Was East-Central Europe a colony? Who was colonizer and who was colonized? Is postcolonial theory applicable to the study of East-Central Europe? These are some of the questions raised in a recent issue of Historyka, Studia Metodologiczne. Klemens Kaps and Jan Surman, young scholars of nineteenth-century Galicia, served as the guest editors of this issue of Historyka.

Colonialism, Kaps and Surman explain, has been widely discussed by scholars of literature and culture of Eastern and Central Europe, but so far has attracted little attention from historians of the region. Historians of colonialism have typically focused on European colonies in Asia and Africa and paid less attention to continental empires. The editors address this gap in scholarship in two ways: first, by placing Galicia within the discussion of colonialism; and second, by bringing together historians and specialists in literature and cultural studies. The issue includes an introduction by the editors, eleven articles, a review article on the "state of the art" of Russian studies in the United States, and several book reviews. The collection first appeared online and is now available at http://historyka.edu.pl/en/article/art/historica-2012-29. All of the articles online are published in the original languages as written by the authors (English, German, and Polish). The printed version of Historyka presents all texts in Polish translation. In my review, I analyze the print collection, focusing on several substantive articles and their place within the general scholarship of East (East-Central) Europe and Galicia. I refer to the original titles of the articles written in English. Translations of Polish and German titles for the purposes of this review are mine.

In the introduction, the editors suggest approaching Galicia as a palimpsest of sorts because of its multinational character. They produced this issue in an attempt to address the history of Galicia as a Habsburg province from the vantage point of "cultural marginalization and the 'colonial imaginary' - the perception of one's own colonial position and the feeling of a 'civilizing mission' as determinants of the cultural dependencies" (P. 9).

Several authors address the relationships between nationalities in the province by reconstructing the [End Page 350] matrix of empire and colonial rule. The notion of subalternation - sub alternacja - appears in several texts and refers to the subaltern status of one group in its relationship to the other. In her "Stefan Żeromski's Ashes as a Postcolonial Narrative," Ewa Thompson analyzes the novel Ashes by one of the leading Polish novelists of the nineteenth century. Żeromski tells the story of a Polish nobleman espousing the ideology of "Sarmatism" and his interaction with an Austrian bureaucrat symbolizing the modern and, in the Polish view, foreign state. Żeromski's novel, Thompson explains, reveals a typical colonial encounter: the nobleman refusing to comply with the norms of the new state, and the bureaucrat resorting to force as a means of imposing these norms.

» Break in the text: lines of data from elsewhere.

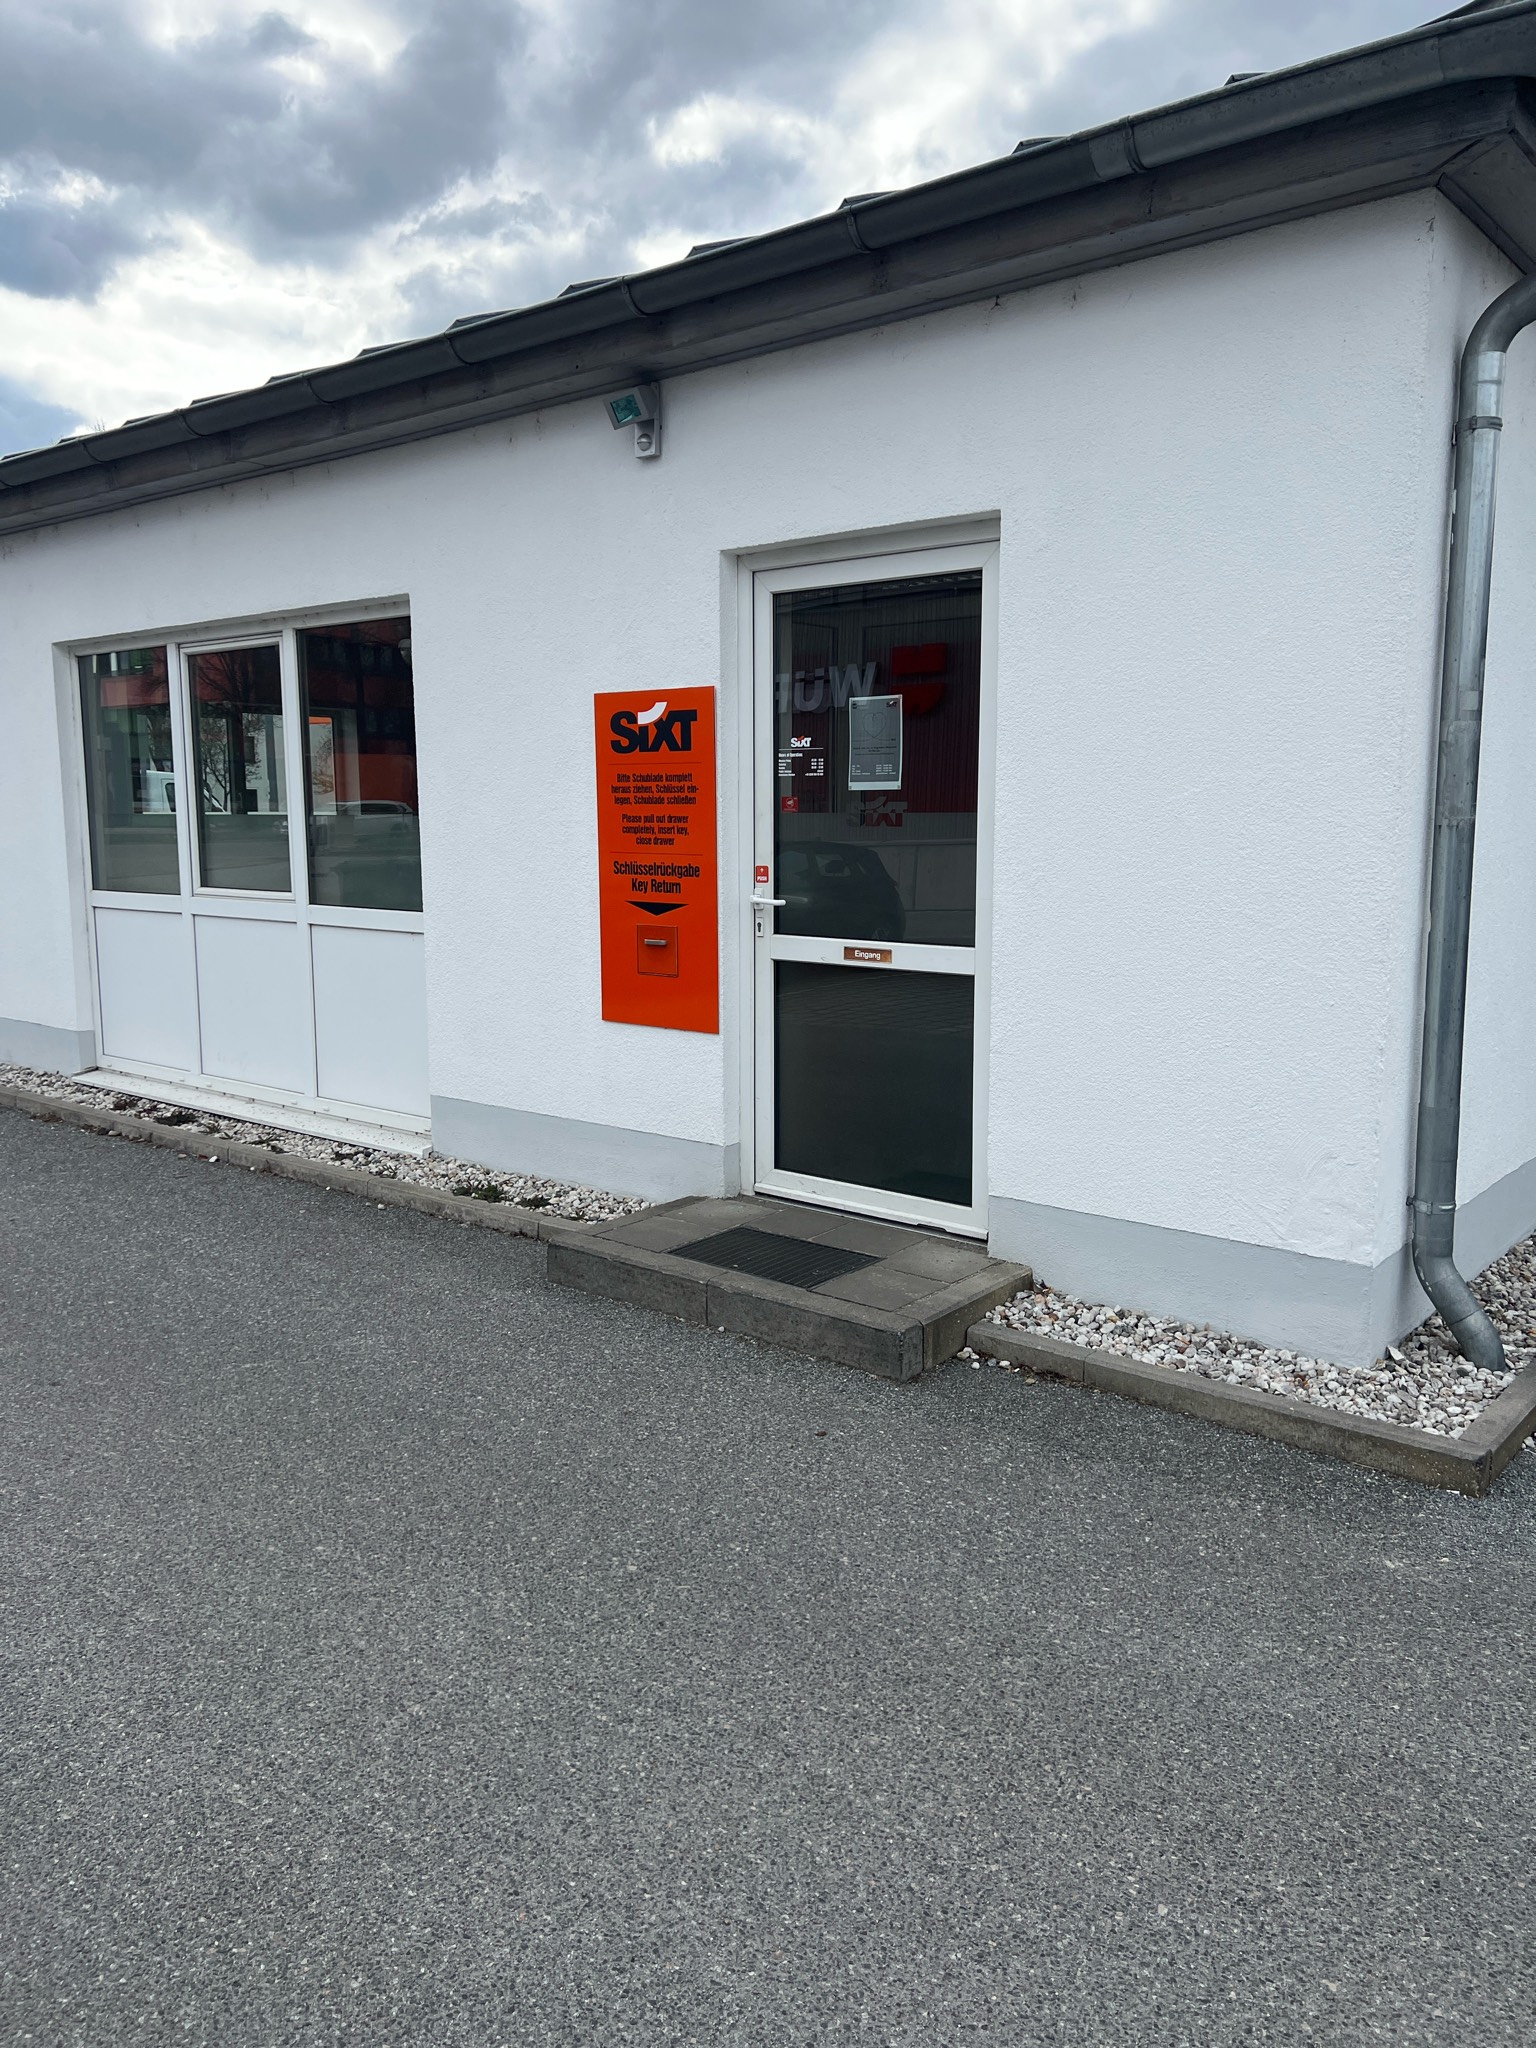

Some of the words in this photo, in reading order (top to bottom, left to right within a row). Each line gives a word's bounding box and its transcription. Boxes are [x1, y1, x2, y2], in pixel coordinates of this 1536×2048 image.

[617, 774, 630, 782] Bitte
[632, 773, 663, 782] Schublade
[665, 773, 692, 783] komplett
[611, 785, 631, 793] heraus
[633, 785, 654, 794] ziehen,
[656, 784, 685, 793] Schlüssel
[687, 785, 699, 793] ein-
[614, 796, 632, 805] legen,
[634, 796, 665, 804] Schublade
[667, 796, 696, 804] schließen
[622, 814, 641, 823] Please
[644, 814, 654, 824] pull
[656, 815, 665, 823] out
[667, 815, 689, 823] drawer
[622, 825, 656, 835] completely,
[658, 826, 675, 834] insert
[677, 826, 689, 836] key,
[636, 836, 652, 845] close
[653, 837, 675, 845] drawer
[613, 861, 700, 878] Schlüsselrückgabe
[632, 878, 648, 894] Key
[651, 879, 681, 893] Return
[855, 950, 880, 960] Eingang

The complex system of subordination and domination in Galicia is the subject of Danuta Sosnowska's text titled "Limitations and Possibilities of Postcolonial Criticism." Sosnowka tests the applicability of postcolonial theory to the study of Galicia. She finds that the relationships of Poles with neighboring peoples were sometimes "schizophrenic." On the one hand, they were driven by a feeling of superiority or even messianism toward Ruthenians and Lithuanians, but at the same time they experienced an inferiority complex regarding the rest of (Western) Europe.

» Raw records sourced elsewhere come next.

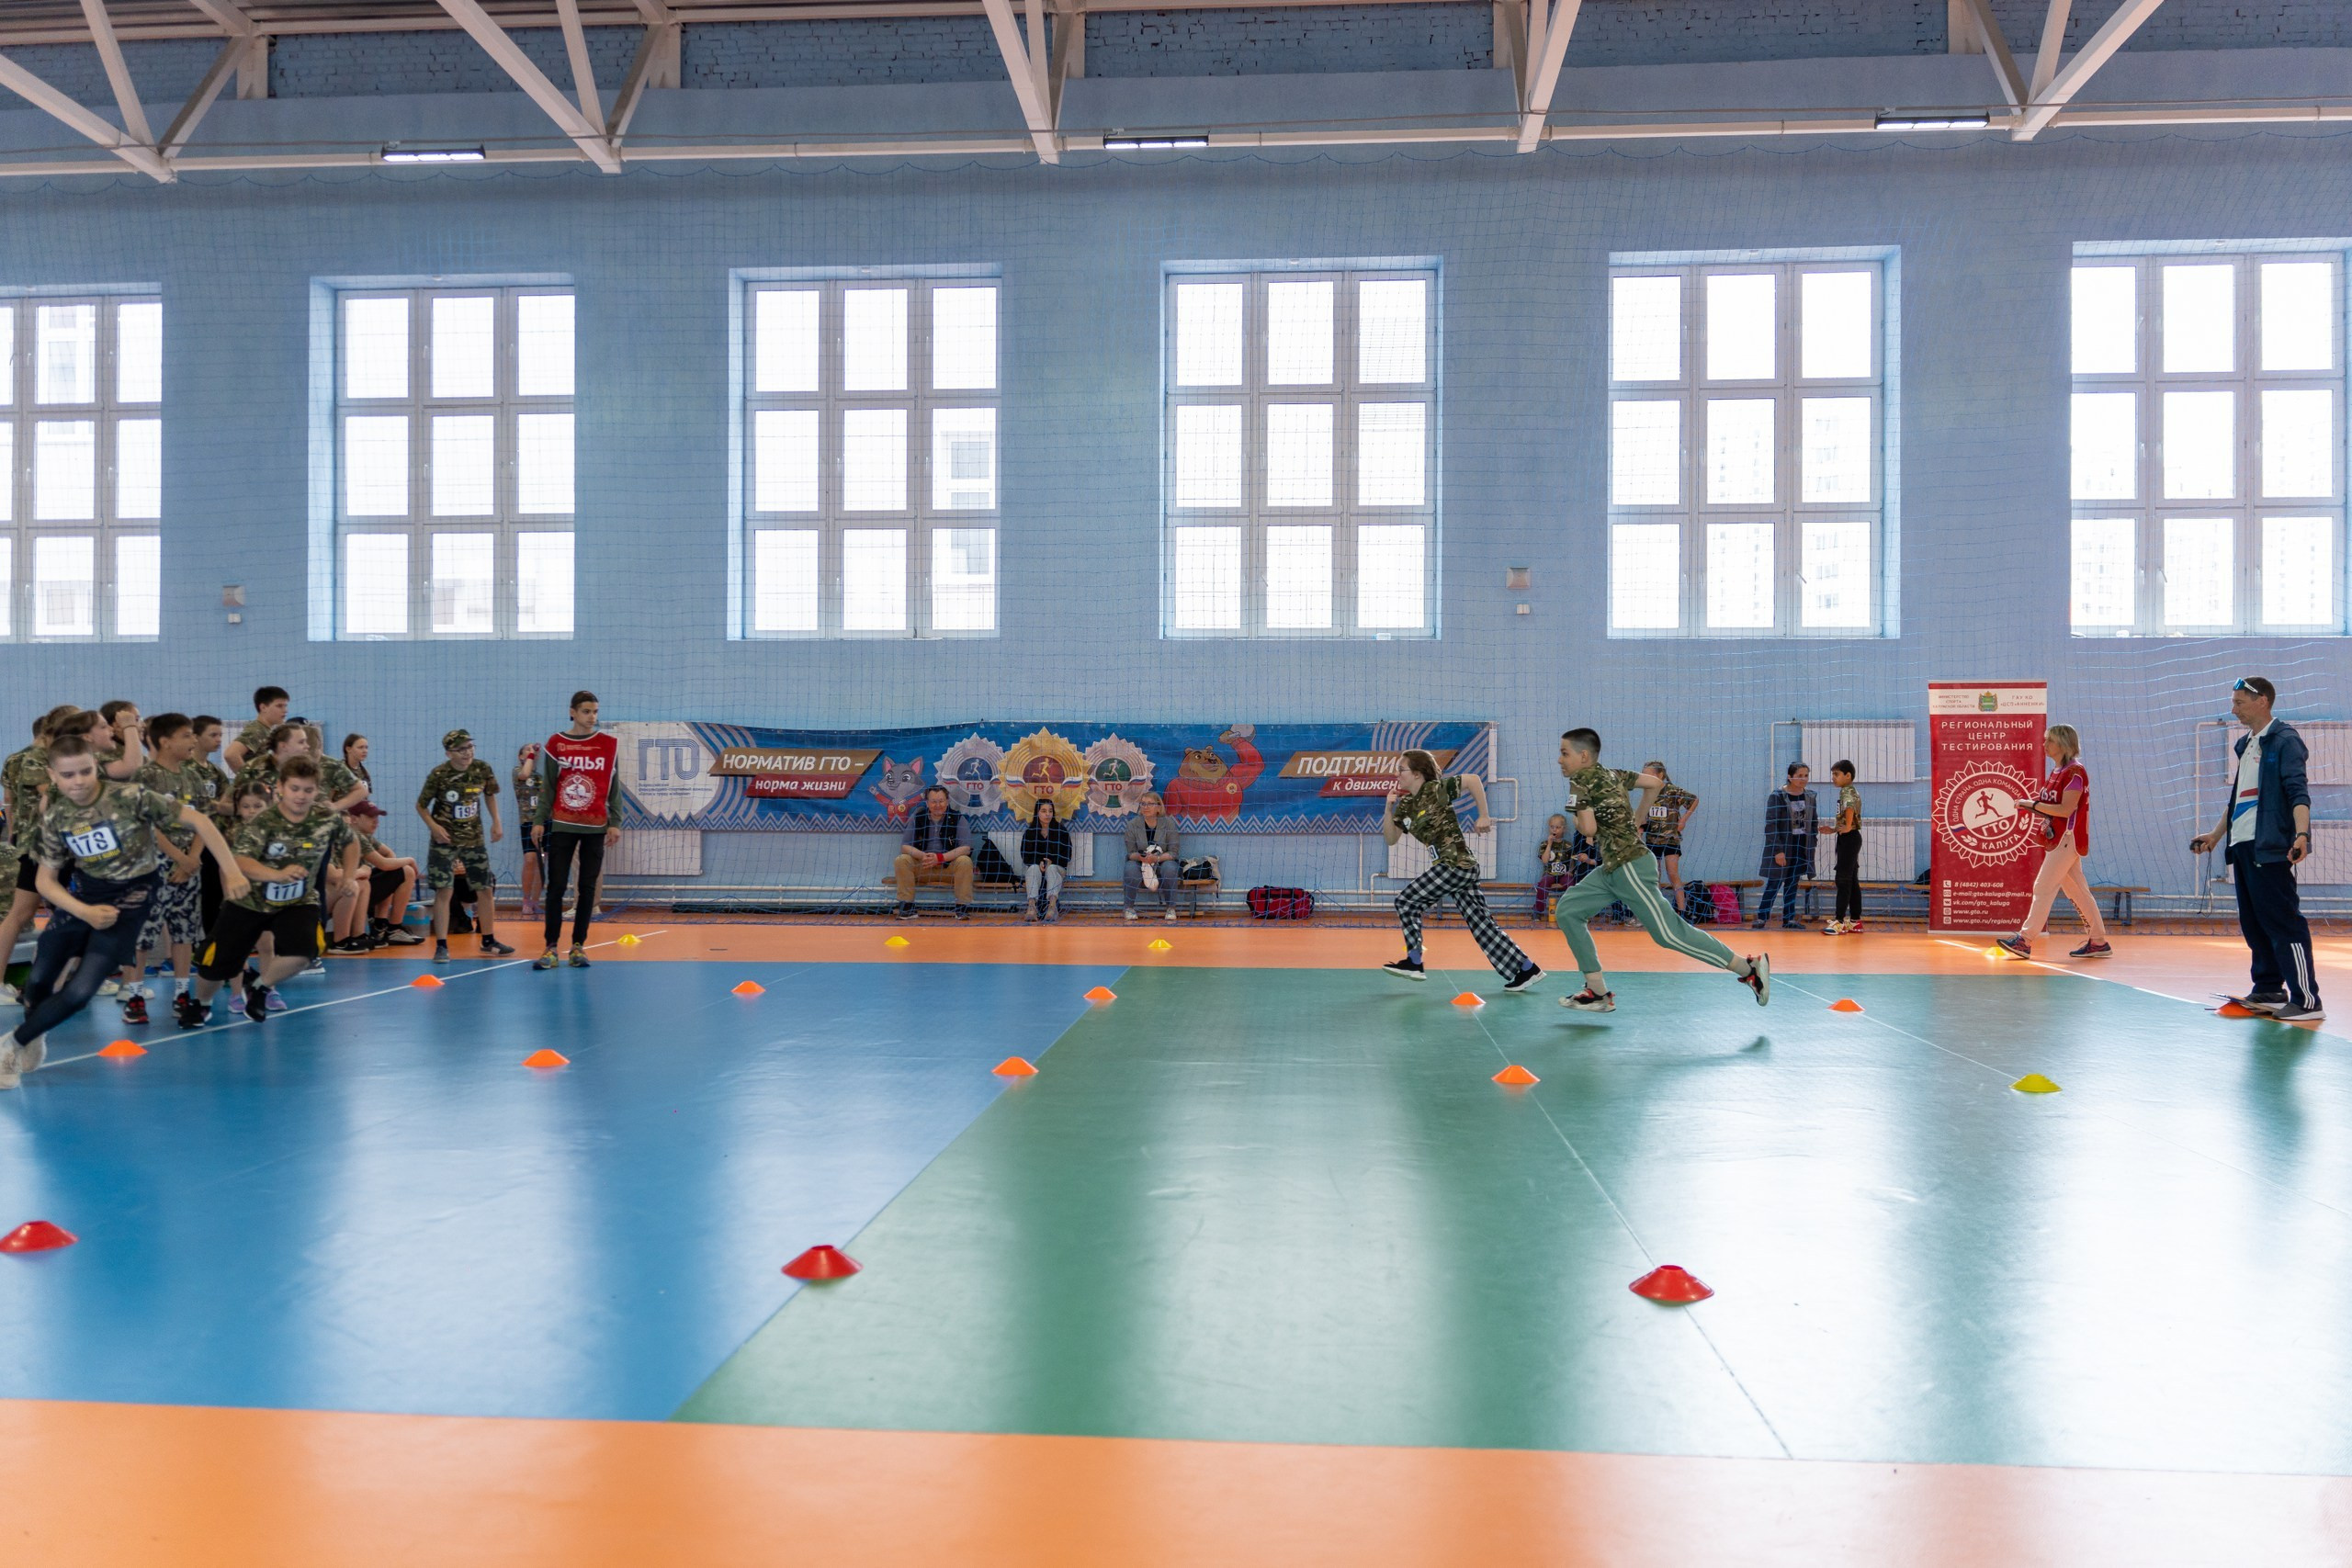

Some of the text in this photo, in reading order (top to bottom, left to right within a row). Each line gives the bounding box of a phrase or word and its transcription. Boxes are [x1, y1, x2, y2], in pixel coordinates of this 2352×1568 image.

[1941, 720, 2033, 729] РЕГИОНАЛЬНЫЙ
[1941, 743, 2033, 751] ТЕСТИРОВАНИЯ
[638, 739, 700, 781] ГТО
[722, 754, 816, 771] НОРМАТИВ
[819, 756, 851, 771] ГТО
[1296, 756, 1397, 776] ПОДТЯНИ
[755, 780, 846, 794] норма жизни
[1034, 785, 1054, 795] ГТО
[1104, 783, 1123, 791] ГТО
[1332, 781, 1341, 790] к
[1973, 779, 1992, 787] ОДНА
[1981, 819, 2010, 836] ГТО
[72, 830, 108, 855] 178
[1981, 834, 2021, 850] КАЛУГА
[273, 882, 299, 899] 177

Polish-Ruthenian relationships, Polish messianism, and Ruthenian subalternation are the subjects of Burkhard Wöller's article, "Civilization Mission or Alienation: The Annexation of Red Rus Under Kasimir III in the Colonial Discourses of Polish and Ruthenian Historians in Austrian Galicia." Wöller shows how several Polish writers and intellectuals - among them, Karol Szajnocha, Henryk Schmitt, and Michał Bobrzyński - justified Poland's occupation of the Red Rus (Rus' Czerwona) back in the fourteenth century by...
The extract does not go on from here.